***** Information provided *****
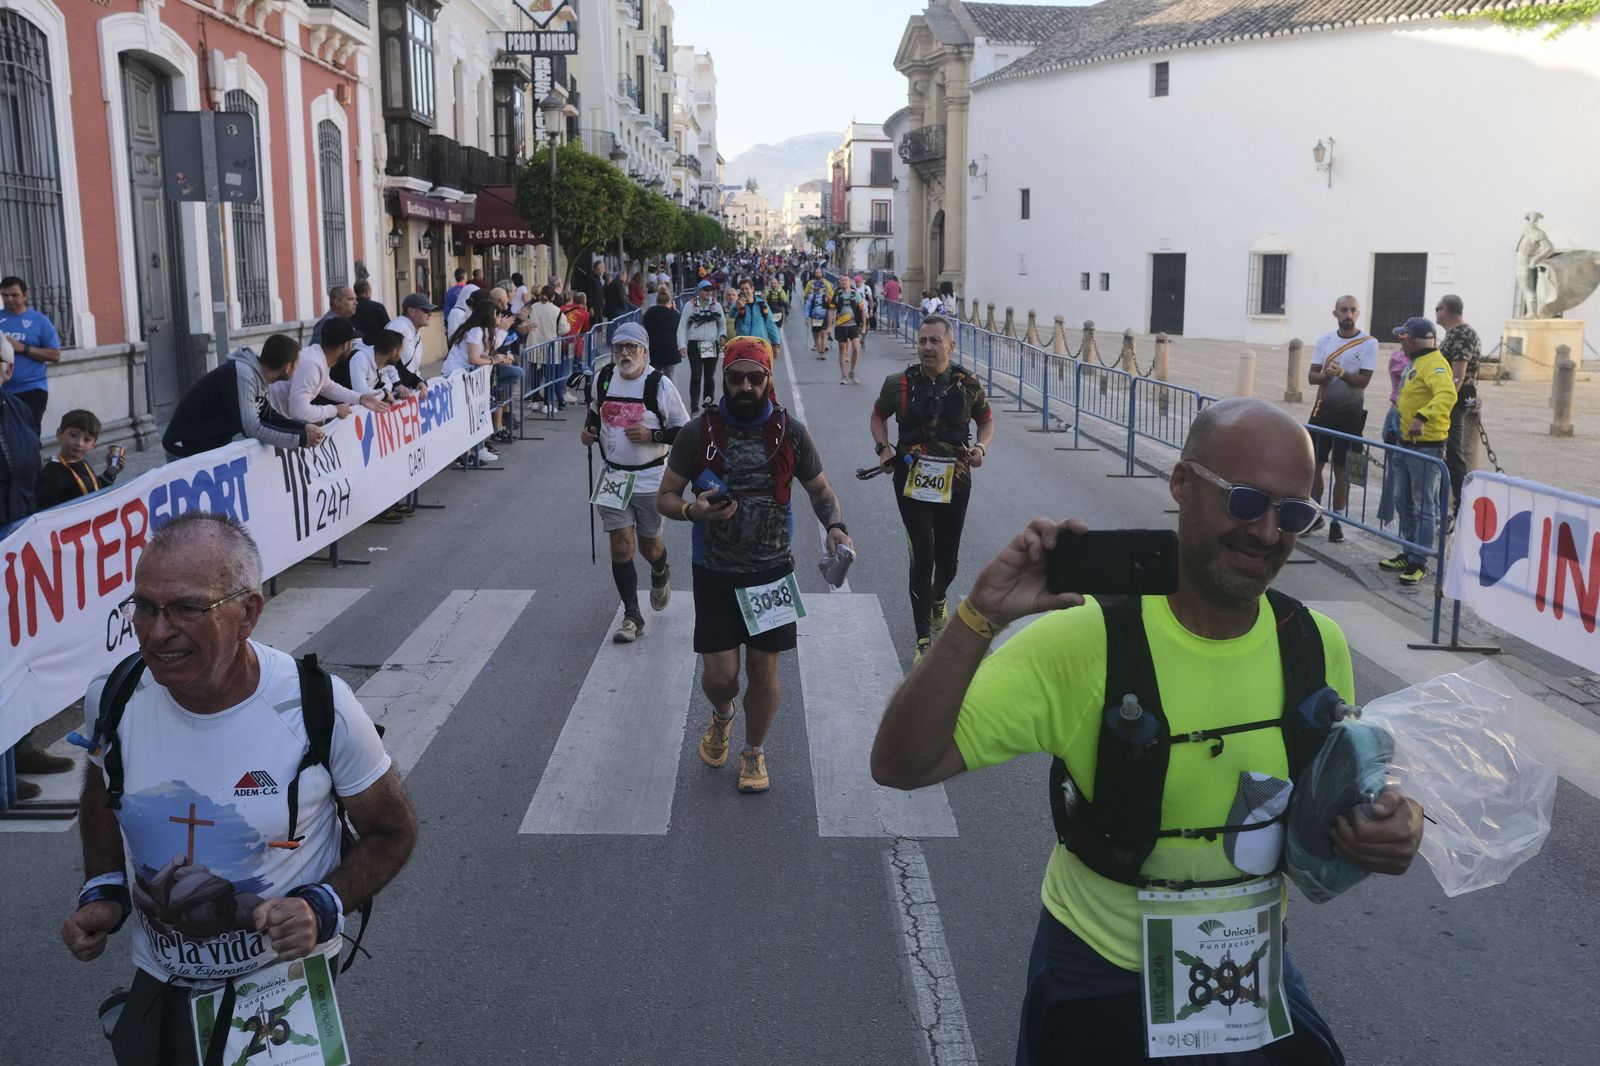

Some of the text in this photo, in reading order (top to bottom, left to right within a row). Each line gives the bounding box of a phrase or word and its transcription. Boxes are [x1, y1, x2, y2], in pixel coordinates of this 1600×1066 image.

[508, 33, 576, 52] PEDRO ROMERO
[374, 383, 454, 459] INTERSPORT
[408, 445, 426, 477] CARY
[914, 474, 945, 490] 6240
[316, 478, 350, 531] 24H
[751, 586, 791, 613] 3038
[233, 787, 279, 797] ADEM-C.G.
[1223, 924, 1256, 938] Unicaja
[172, 931, 203, 965] la
[206, 928, 266, 965] vida
[1200, 939, 1255, 950] Fundación
[179, 963, 191, 975] la
[195, 961, 260, 978] Esperanza
[256, 977, 286, 993] Unicaja
[1189, 959, 1260, 1007] 891
[238, 986, 286, 1010] Fundación
[319, 1002, 335, 1038] EDICIÓN
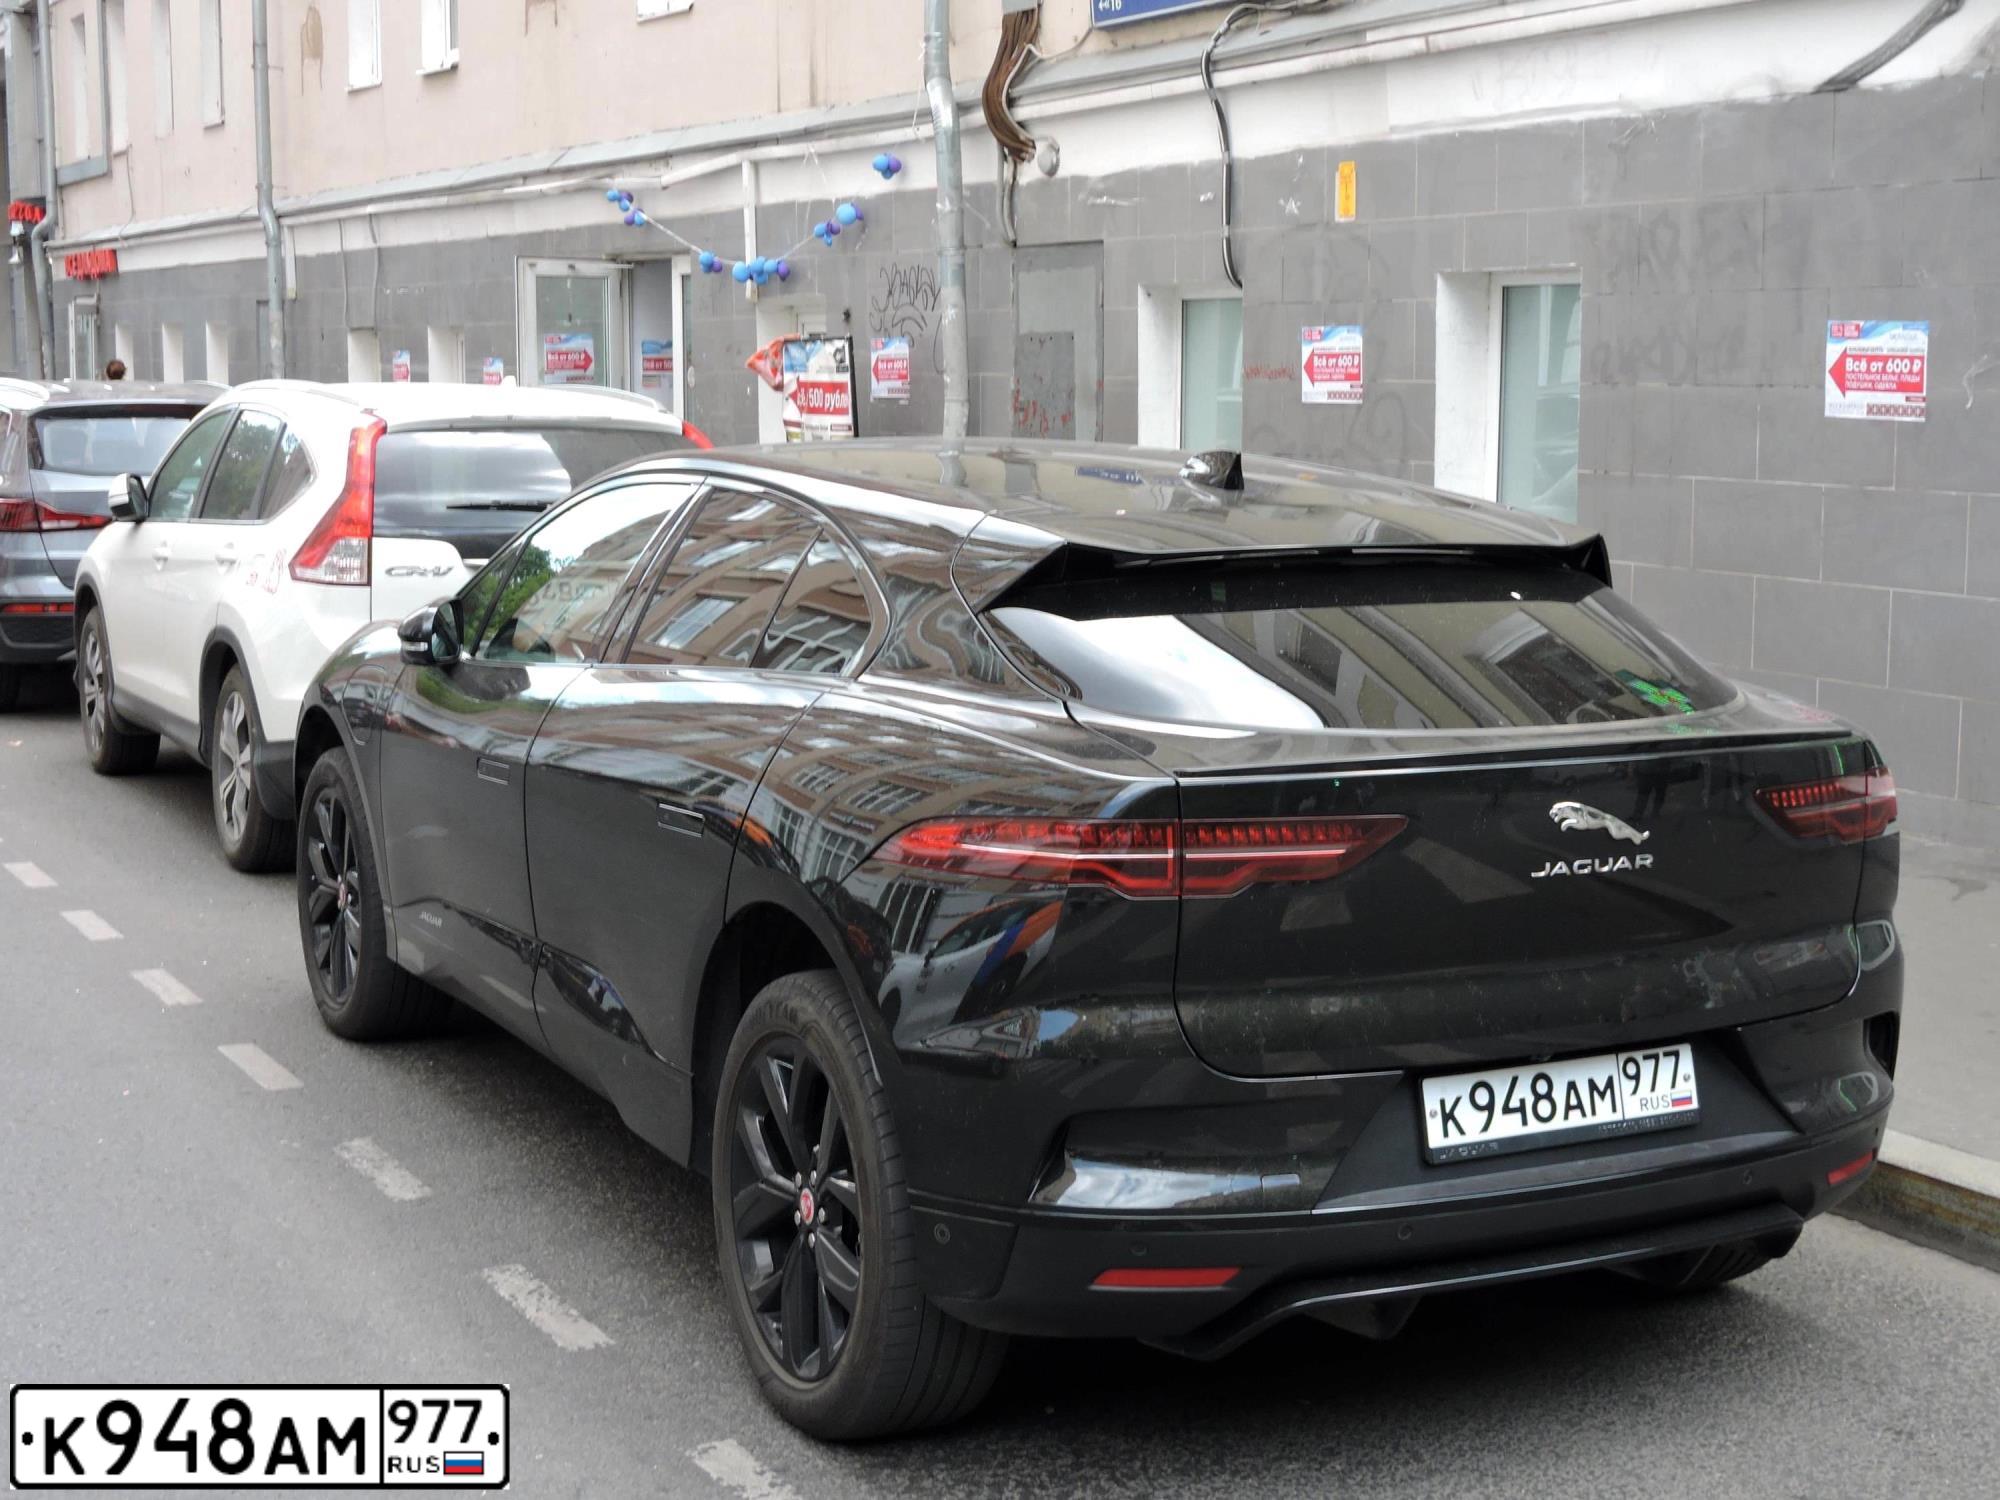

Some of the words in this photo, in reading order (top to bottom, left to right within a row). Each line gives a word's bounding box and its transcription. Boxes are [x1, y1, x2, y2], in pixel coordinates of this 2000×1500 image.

[1328, 358, 1338, 368] от
[1338, 355, 1352, 368] 600
[1869, 361, 1883, 373] от
[1886, 358, 1911, 374] 600
[1530, 853, 1654, 878] JAGUAR
[1621, 1049, 1681, 1096] 977
[1639, 1095, 1671, 1113] RUS
*****
- [The problem]: Could you give again exactly the lines from the line containing "Some of the words" through the final line of the data above, and no others?

- [Response to the task]:
Some of the words in this photo, in reading order (top to bottom, left to right within a row). Each line gives a word's bounding box and its transcription. Boxes are [x1, y1, x2, y2], in pixel coordinates of this 2000×1500 image.

[1328, 358, 1338, 368] от
[1338, 355, 1352, 368] 600
[1869, 361, 1883, 373] от
[1886, 358, 1911, 374] 600
[1530, 853, 1654, 878] JAGUAR
[1621, 1049, 1681, 1096] 977
[1639, 1095, 1671, 1113] RUS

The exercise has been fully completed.